**EXERCISE AIM:**
This exercise calls for all the entries that follow to be set down exactly, without their images.

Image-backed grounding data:

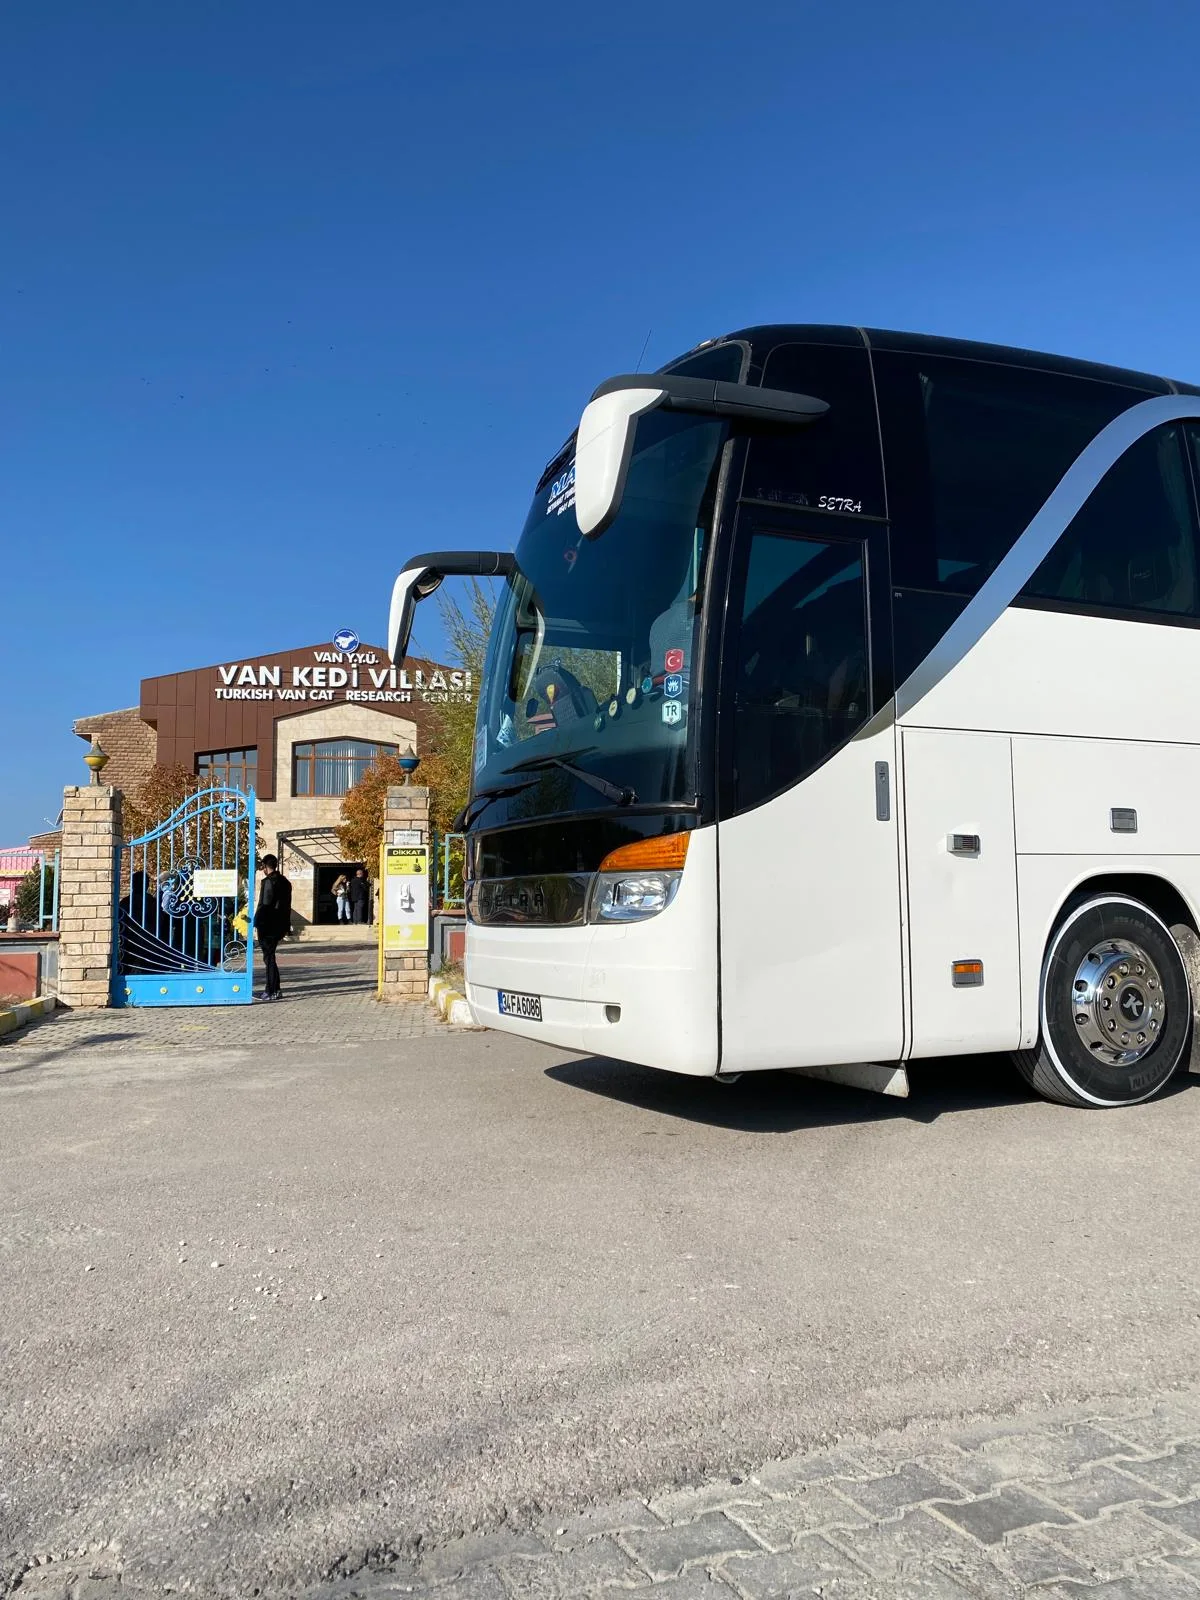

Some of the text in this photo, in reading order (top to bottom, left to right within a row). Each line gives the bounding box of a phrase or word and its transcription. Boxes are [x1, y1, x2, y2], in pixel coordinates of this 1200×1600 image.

[818, 496, 861, 512] SETRA
[314, 652, 343, 663] VAN
[218, 663, 472, 691] VAN KEDİ VİLLASI
[215, 688, 472, 704] TURKISH VAN CAT RESEARCH CENTER
[665, 705, 677, 716] TR
[483, 894, 544, 906] SETRA

**COMPLETED TASK:**
Some of the text in this photo, in reading order (top to bottom, left to right within a row). Each line gives the bounding box of a phrase or word and its transcription. Boxes are [x1, y1, x2, y2], in pixel coordinates of this 1200×1600 image.

[818, 496, 861, 512] SETRA
[314, 652, 343, 663] VAN
[218, 663, 472, 691] VAN KEDİ VİLLASI
[215, 688, 472, 704] TURKISH VAN CAT RESEARCH CENTER
[665, 705, 677, 716] TR
[483, 894, 544, 906] SETRA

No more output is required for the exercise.